"Come on, I wanna beat traffic home," Steve barks at Molly after a glance at his watch. Mostly because once traffic hit, you'd never hear the end of it with how bad it could be. "Specially if you wanna get to that damn race so bad."

"Yeah, yeah. You parked at the department store, right?" Molly runs her fingers through her hair, finishing off the cookie she'd bought. "We can just go through there." She still looks uncomfortable in those fancy, Soc like clothes her mother got for her as they walk. "Maybe I can steal something that doesn't look like my grandma made it."

Steve gives a glare to an actual Soc kid as he falls into step with her as she makes her way out of the main throat of the mall. The Soc backs off, wisely, and Steve wonders for a moment what he'll say to her after all of that, after her insistence he not sound like a nag. He wants to talk more about Soda, but talking about the race doesn't feel right til they got closer to home and talking about how Molly was clearly scratching at her already red wrists...

Race it was.

"You planning on taking any bets?" He goes through the well lit, almost too bright department store, over the carpets.
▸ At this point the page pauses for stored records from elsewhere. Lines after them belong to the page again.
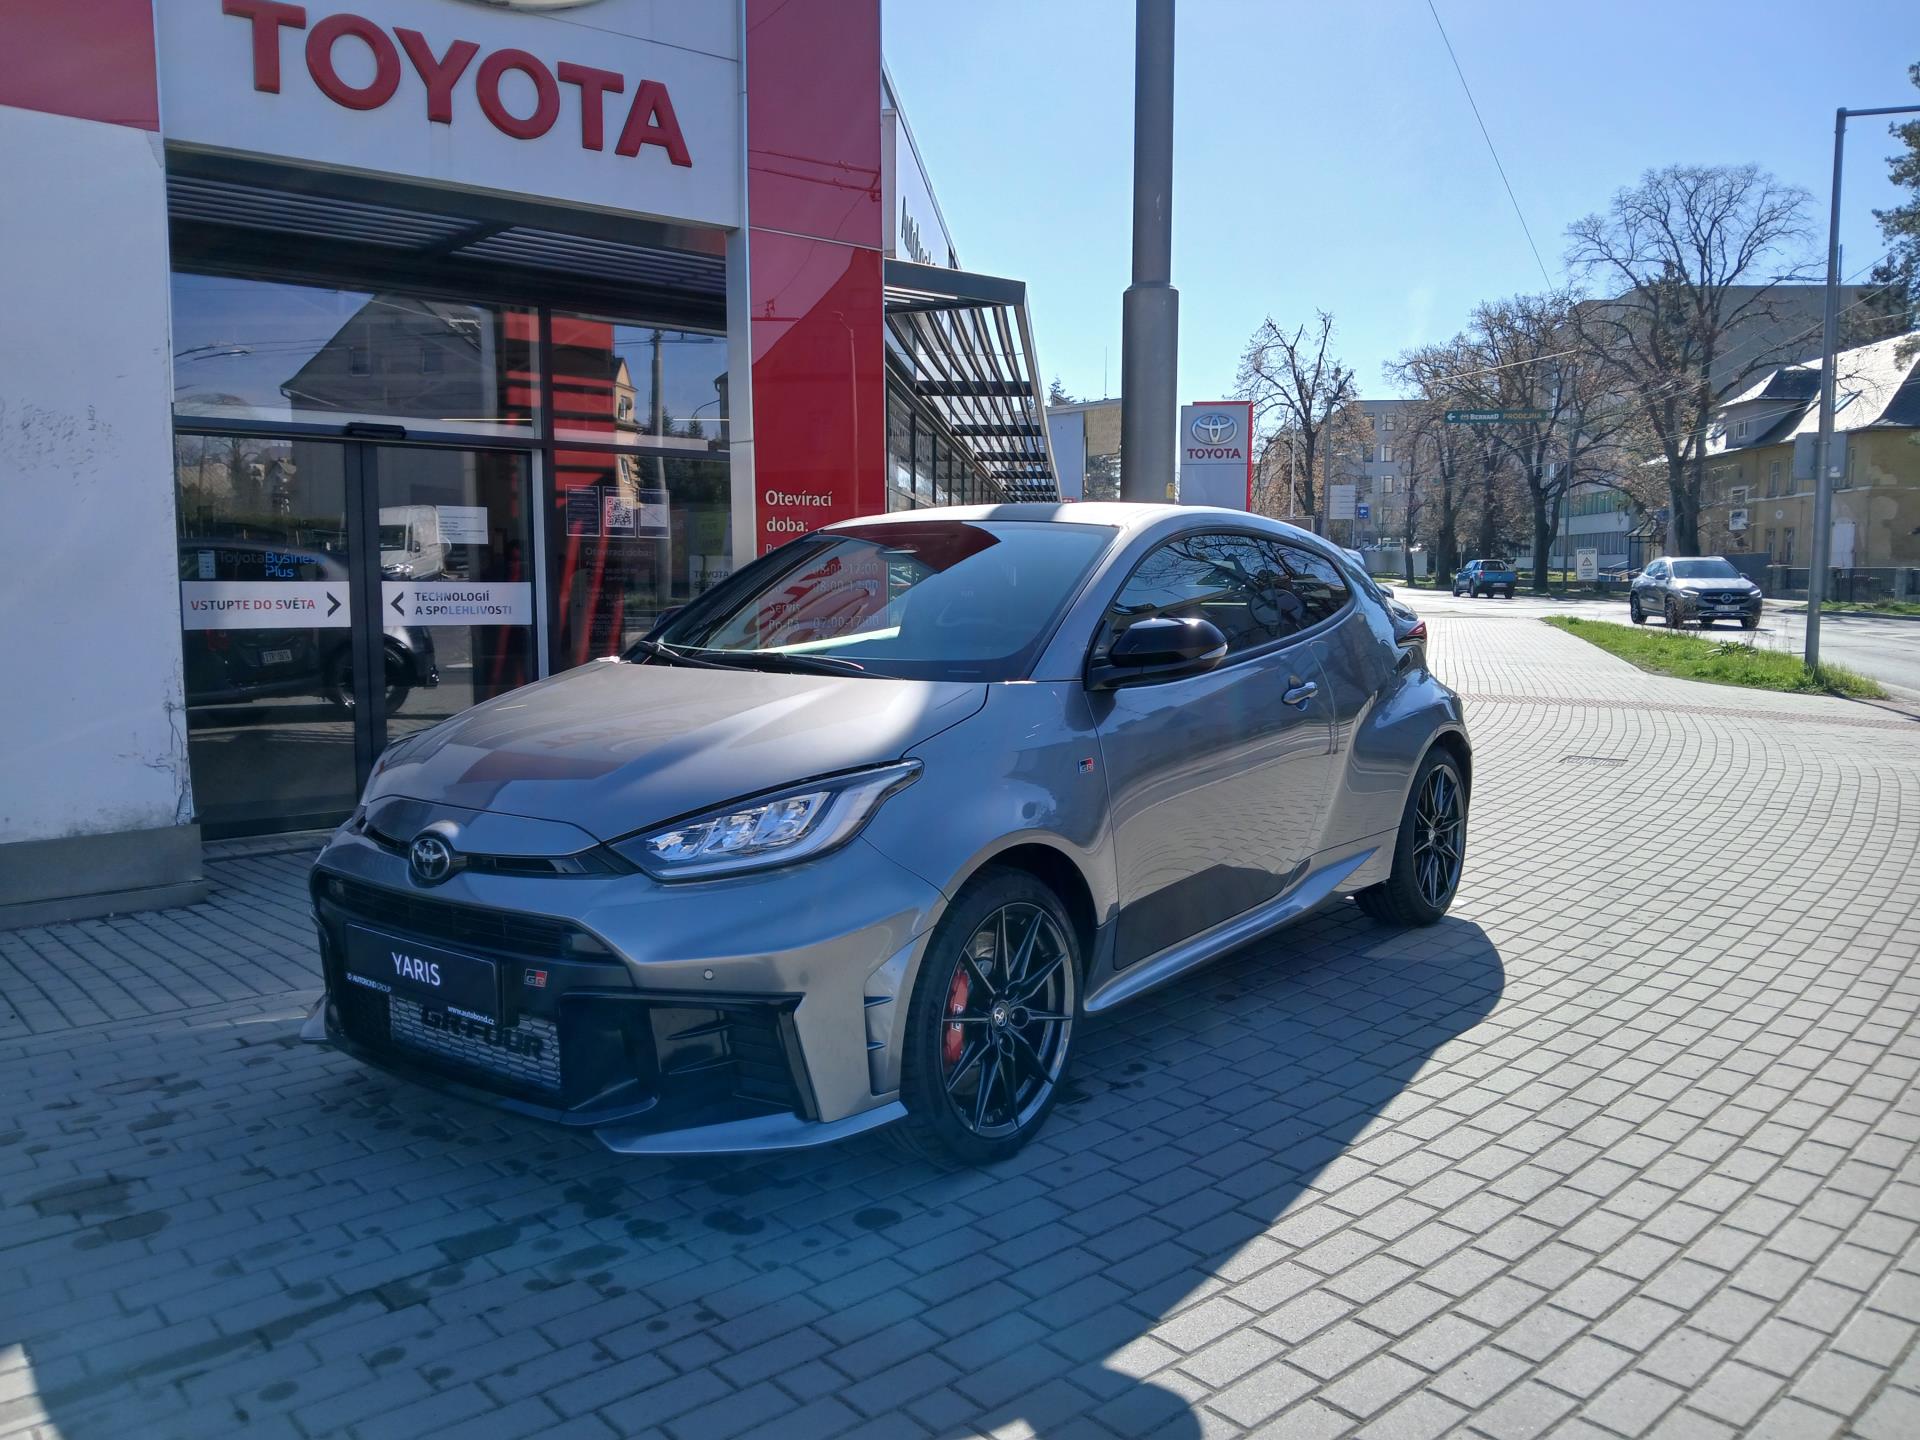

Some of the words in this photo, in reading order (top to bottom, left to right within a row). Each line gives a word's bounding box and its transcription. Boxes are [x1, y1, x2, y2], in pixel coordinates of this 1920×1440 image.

[222, 0, 692, 168] TOYOTA
[1187, 448, 1241, 459] TOYOTA
[765, 490, 833, 507] Otevírací
[766, 516, 809, 532] doba:
[265, 565, 295, 578] Plus
[414, 590, 490, 602] TECHNOLOGIÍ
[190, 599, 250, 611] VSTUPTE
[253, 599, 273, 610] DO
[275, 597, 316, 610] SVĚTA
[415, 605, 424, 616] A
[426, 605, 512, 616] SPOLEHLIVOSTI
[391, 952, 441, 986] YARIS
This was a place he'd rather steal from than actually shop at, not like he had the cash. "Or are you gonna worm your way into the driver's seat again?" His fingers twitch, wanting to lift up some of the things on display, wanting to get a need to prove himself as a greaser over and over again.

It'd be easier if Soda were here.

"The second," Molly eyes some of the earrings they have on display. "I could out drive most anyone out here. What about you? You gonna mope or are you gonna help me win? Cause if we win, I'll split the winnings!"

"Them winnings ain't gonna be much," Steve snorts.

"You could use every cent," a new voice rings out, acidic.

Steve whips around, stares. "Ivy?"

Her face doesn't look anything except sour as she considers him. Ivy the street tough who runs a gang is always in acidic green with white or black, always has her hair up in a high ponytail, and looks pretty mysterious. The Ivy who's working at this counter looks like some topsy-turvy bizarro version of herself where her hair is stylish in the Soc girl way, curled at the ends along her shoulders instead of that straight set she usually has. It's not pulled into a ponytail — it's held back with a green headband instead of her usual green ribbon that always made her distinct. The earrings she wears are clearly from the store, as is the ugly white blouse and what he's sure is a skirt.

He knows if he laughs, she'll have zero problem punching him in the face. He still says, "You trying out to replace Cherry Valance?"

Ivy looks livid as she considers him, and Steve gives a vicious smile at her as he nudges Molly. "Look at Ivy, dolled up like —"

"A good looking broad you couldn't catch with flypaper," Molly says smoothly, her voice tinged with annoyance.

Ivy's glare at Steve is much more softened at Molly. "It's good to see you too, Molly. Your cousin, not so much."

"He's not very housebroken," Molly says, Steve ready to wrap a hand around her elbow. "You coming to the race tonight? We're both going to see if we can win the pot."

"I will be. Your cousin might have other plans," those acidic green nails tap on the glass counter in a sharp way that's almost like a snap to get Steve's attention. "His pack is having a meeting tonight, with our leader. Two-Bit told me to give him that message, right from his pack alpha."

"With Ed? What the hell for –"

"I wasn't told," the way Ivy snaps is harsher, a baring of teeth. "Only that you had to show up. Now, are you going to buy anything or are you going to leave?" Her voice takes on that tone that always makes Steve thinks she's more like a Soc girl than a greaser, with the way it's clearly mocking him, as if she knows something he doesn't.

"What time?"

"At the bonfire, like usual," the sneer on her face is more subtle, sharp than Dallas'. "Don't be late — Even Soda will have to be there."

Steve hates the way that he wants to ask her more in that instant, and the only reason he stops is because Molly beats him with, "He'll be there. C'mon, Steve — I need a change."

Molly is clearly warning him, and he hates, hates, how much he wants the bonfire to come already even if it's just to get a snatch of time out of Soda.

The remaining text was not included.